If I wronged anyone in this situation, I'd be happy to discuss such a thing with them individually. Please, though, don't be so presumptuous to think you know everything that went on well enough to call one a wolf in sheeps clothing. 

Just my two cents.


----------



## kalaeb

Not sure if this is the best place to put this, but I just checked out your site and you do some wicked handles. Nice work!


----------



## Chef Niloc

Salty dog said:


> Did anyone fire someone today? Did someone lose their job today? How is everyone's health? How's the family?
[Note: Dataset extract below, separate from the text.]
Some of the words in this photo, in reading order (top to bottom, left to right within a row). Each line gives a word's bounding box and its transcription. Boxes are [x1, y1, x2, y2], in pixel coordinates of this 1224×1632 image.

Did you get laid recently?
> 
> Granted I thought it was a big deal at the time but really.................


 I fired 2 people today and three last weekend, made a grown man cry.
I'm not feeling to good but it could be the 9-4 shifts I'm working, them a Be-ach.
Have not talked to famley in years
Have not seen my girl in months, and we live together

I'm PO'ed that you did not get banned and I did, but not too PO'ed 
I will be very po-Ed if mike sweetheart shows up here next.
I PO'ed that Adam did not side with us back then and tell KF to F off,... And then comes over here like nothing happened.
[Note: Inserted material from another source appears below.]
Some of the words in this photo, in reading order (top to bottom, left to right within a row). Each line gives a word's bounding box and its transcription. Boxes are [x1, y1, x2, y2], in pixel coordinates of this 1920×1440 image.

I personally think Daves "forgive and forget" is more of a " keep the piece, I may be wrong but I think he was surprised when Adam showed up??
I know both sides of the story and I'm still siding with Dave.

I feel better that that every one that still has a problem with Adam got a chance to vent.
I'm sorry that Adam has a "what ever adatude" to the whole thing.

I call BS on KF not locking posts and being a "vender run" board bent around Mike stewards ego and small P...well you know what I was about to say 
And for the record Ken does need a helmet , that's just a fact...a harness too maybe:scratchhead:


----------



## Mattias504

hahah


----------



## ecchef

Colin, have you considered switching to decaf? :angry1:


----------



## dough

to moderators:
well im glad the thread remained open as i wouldnt have known some things while many things are still the same.
to most:
certainly it wont live forever but like calling this war is beyond harsh.. people die in wars and my friends have died in wars this is different is all that needs to be said. referring to things as a nuclear war is beyond silly... i realize that is a term used later in this discussion but it doesnt have a place for me.
mostly to the one who began this topic:
only other offering i have is that i wish the new restaurant much success. i think no matter the bs your cooking and time spent in your kitchen will prove your more then worthy of the success i expect you to find. whether it makes you crass or cleaver as a cook honesty tends to be the biggest asset.


----------



## Salty dog

Chef Niloc said:


> I fired 2 people today and three last weekend, made a grown man cry.
> I'm not feeling to good but it could be the 9-4 shifts I'm working, them a Be-ach.
> Have not talked to famley in years
> Have not seen my girl in months, and we live together
> 
> I'm PO'ed that you did not get banned and I did, but not too PO'ed
> I will be very po-Ed if mike sweetheart shows up here next.
> I PO'ed that Adam did not side with us back then and tell KF to F off,... And then comes over here like nothing happened.
> 
> I personally think Daves "forgive and forget" is more of a " keep the piece, I may be wrong but I think he was surprised when Adam showed up??
> I know both sides of the story and I'm still siding with Dave.
> 
> I feel better that that every one that still has a problem with Adam got a chance to vent.
> I'm sorry that Adam has a "what ever adatude" to the whole thing.
> 
> I call BS on KF not locking posts and being a "vender run" board bent around Mike stewards ego and small P...well you know what I was about to say
> And for the record Ken does need a helmet , that's just a fact...a harness too maybe:scratchhead:


 
I baled out before it got too ugly. Exchanged a couple PTs and called it a day. I could see where it was going and knew forum life was going to change.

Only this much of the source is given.